I went to Pinnawala with my teachers and classmates in June. Pinnawala is an elephant orphanage started in 1975. We saw many elephants there. The elephants walked in a line to the Maha Oya to bathe. They looked like rocks in the water when they were bathing. The playful little ones sprayed and splashed water on each other.

Tourists and visitors were watching and taking photos. We saw many baby elephants drinking milk from feeding bottles. Some elephants were taken for long walks by the mahouts. It was sad to see an elephant limping and one blind elephant. We left Pinnawala with happy memories.

My little brother

By Abdul Wahid (Primary 3) Stafford Int., School

My little brother is Abdur Rahman. He is 2 ½ years old. Abdur Rahman is a naughty little boy, who loves to play with balls, and always shouts, “This is mine!”

He likes to do everything that I do. He likes to play with me, but sometimes he fights with me too. I like it so much when my little brother comes running behind me shouting “Naana, Naana (elder brother) come to play.” Even if he fights with me, I know that Abdur Rahman loves me a lot and I also love my little brother so much. I will not forget to thank Allah for making Abdur Rahman my little brother.

World Children’s Day

By Shavini De Silva, Alethea International School

Sounds of laughter
Scattering everywhere
With a simple sprinkle of joy
Makes the others wonder

“What’s the big commotion?”
Well there’s no need to worry
Listen for a while and ponder
They seem to head a different way

So make a change and hurry
Listen to what they mean and say
For its World Children’s Day

Our country

By Neshali Samarasena (11 years), Holy Family Convent, Colombo 4

I am very proud to be a citizen in my island Sri Lanka. Our country is a paradise on earth. There are lakes, rivers, mountains and green vegetation. The flora and fauna give a beauty to our island.

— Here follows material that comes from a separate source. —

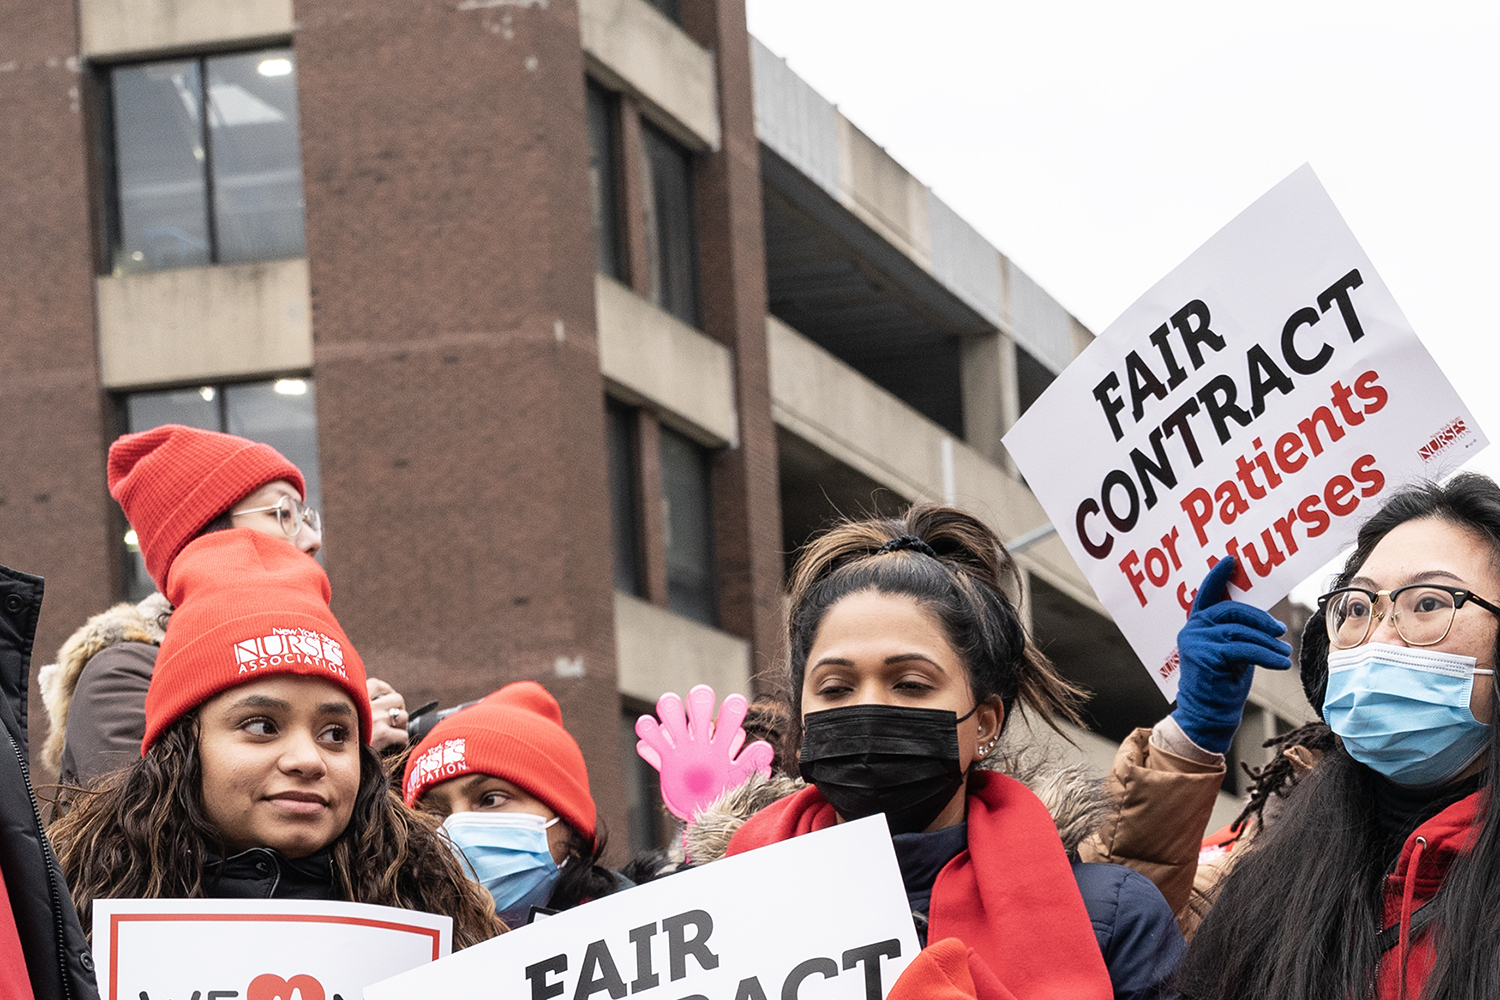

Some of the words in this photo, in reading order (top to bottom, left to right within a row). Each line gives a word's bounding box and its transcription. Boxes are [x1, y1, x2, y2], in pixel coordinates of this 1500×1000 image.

Our country is surrounded by the Indian Ocean. It is called the ‘Pearl of the Indian Ocean.’ Our longest river is the Mahaweli and the highest mountain is Piduruthalagala.

Oh my hobby!

By Enoch Sam (13 years), S. Thomas’ College, Mt. Lavinia

I am Enoch Sam, a student of St. Thomas’ College, Mount Lavinia. My hobby is stamp collecting. It is also known as Philately. We have a Philatelic Club in College. About two years back, one of my exhibits was placed third in an exhibition held by the club.

Stamp collecting is called the ‘king of hobbies and the hobby of kings.’ Now I feel so sad to see
the faces of the kings disappearing from the face of stamps and stamps slowly decreasing from our collections.

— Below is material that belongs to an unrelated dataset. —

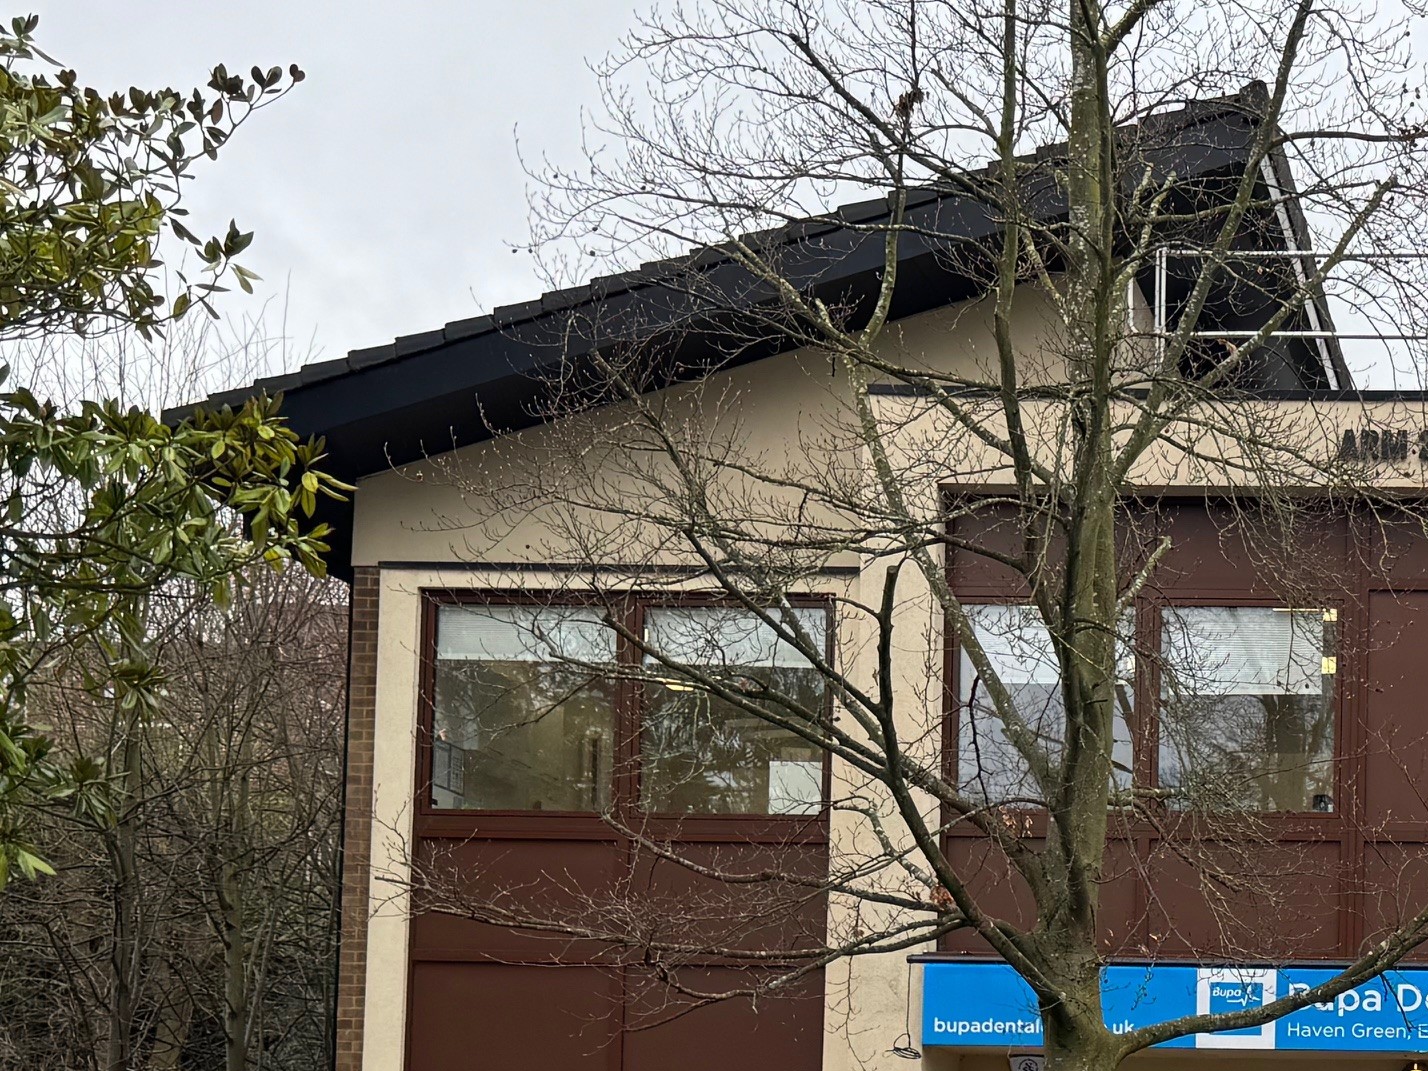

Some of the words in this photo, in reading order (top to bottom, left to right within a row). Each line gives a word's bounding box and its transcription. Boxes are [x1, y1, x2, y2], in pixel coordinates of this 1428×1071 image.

[1212, 986, 1242, 998] Bupa
[1287, 1023, 1345, 1037] Haven
[1351, 1023, 1412, 1040] Green,

In July 2003, the Postal Department issued a Rs.16.50 stamp to encourage youth to collect stamps and they often put out stamps with folk tales to attract children. But now modern technology is ruining our noble hobby. We used to get letters from my aunt or cousin in England with lots of stamps pasted on the envelope.

Now we just get a letter machine printed with the postal value. Now in Sri Lanka too, this is very common. My Dadda and Grandpa used to get stamped registered letters from banks or firms. Now they too are machine printed.

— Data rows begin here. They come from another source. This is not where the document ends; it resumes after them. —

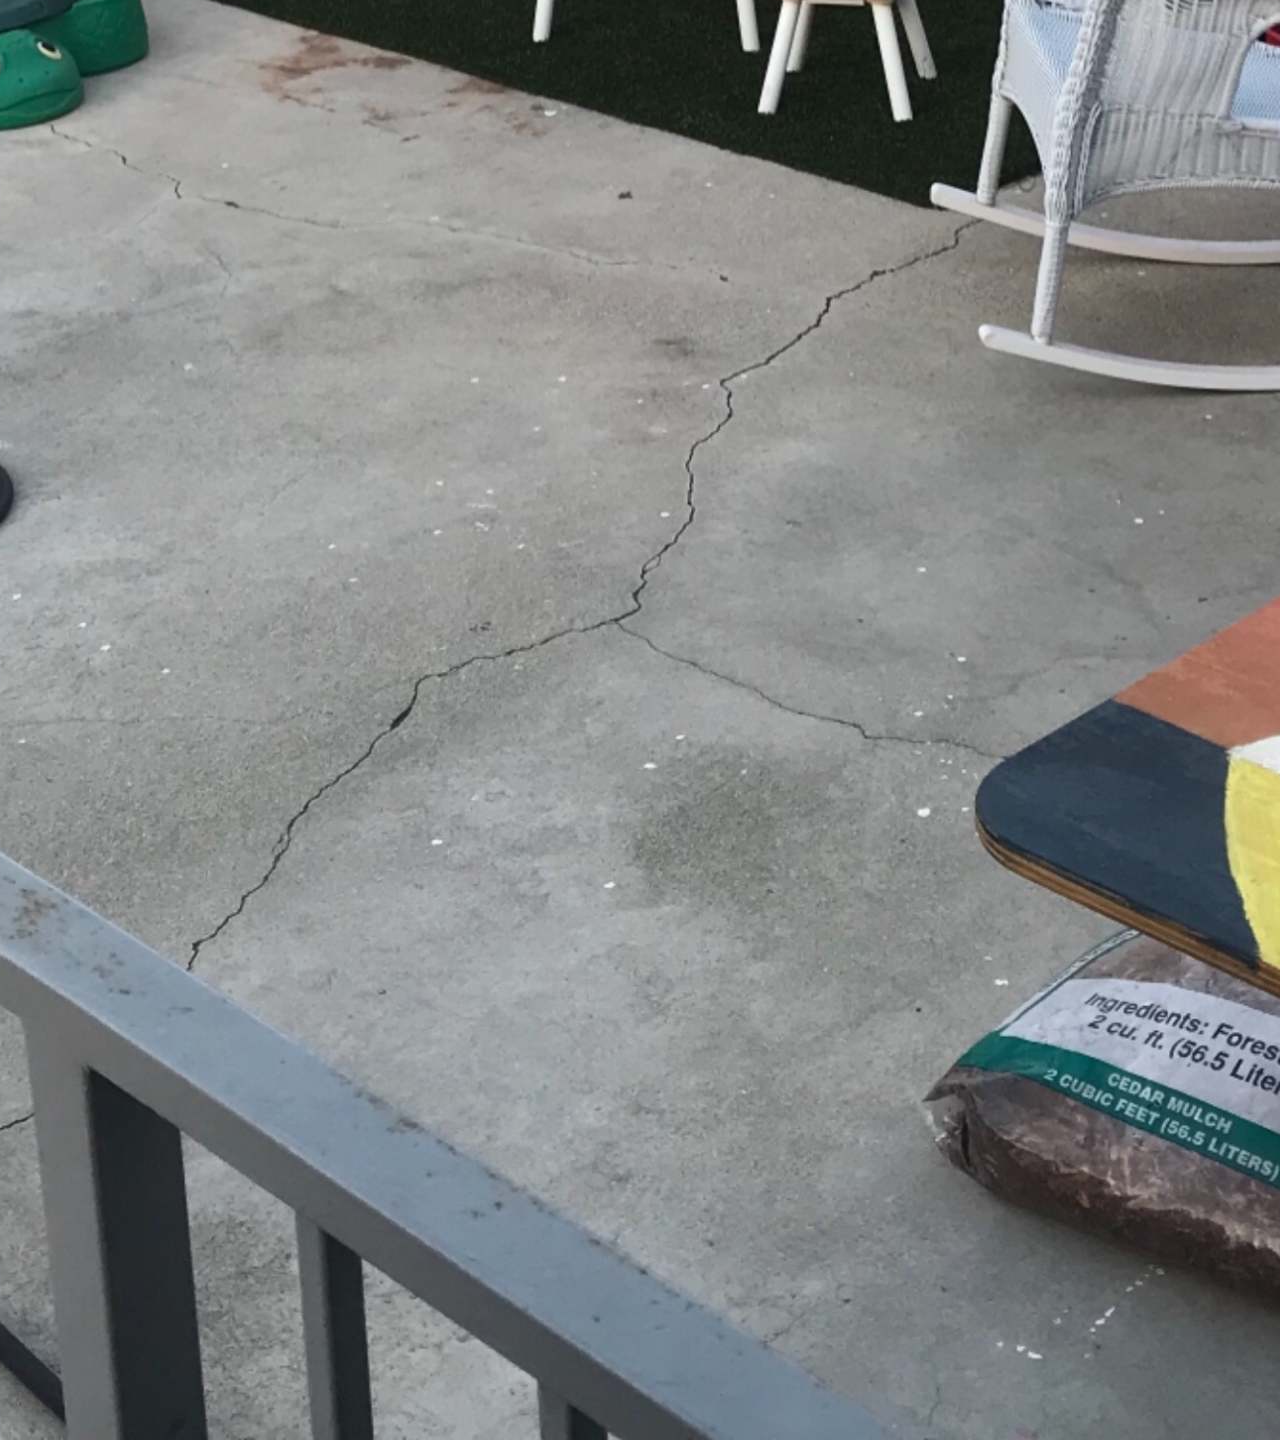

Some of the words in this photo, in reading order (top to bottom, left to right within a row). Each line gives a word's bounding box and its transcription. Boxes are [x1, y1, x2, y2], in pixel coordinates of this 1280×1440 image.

[1085, 993, 1209, 1035] Ingredients:
[1087, 1014, 1108, 1030] 2
[1106, 1019, 1137, 1041] cu.
[1144, 1030, 1164, 1049] ft.
[1169, 1038, 1231, 1071] (56.5
[1043, 1069, 1059, 1081] 2
[1059, 1074, 1114, 1106] CUBIC
[1115, 1098, 1160, 1126] FEET
[1159, 1117, 1205, 1146] (56.5
[1207, 1137, 1280, 1182] LITERS)
[1108, 1072, 1165, 1106] CEDAR
[1167, 1096, 1233, 1134] MULCH

On top of all this, my friends who used to write now have bought mobile phones. They now give me calls and my Dadda now gets emails from England.

I feel so sorry that the coming generation will have to refer to the encyclopaedia to know about postage stamps and the hobby called Philately, as we now have to refer the encyclopaedia to learn about dinosaurs.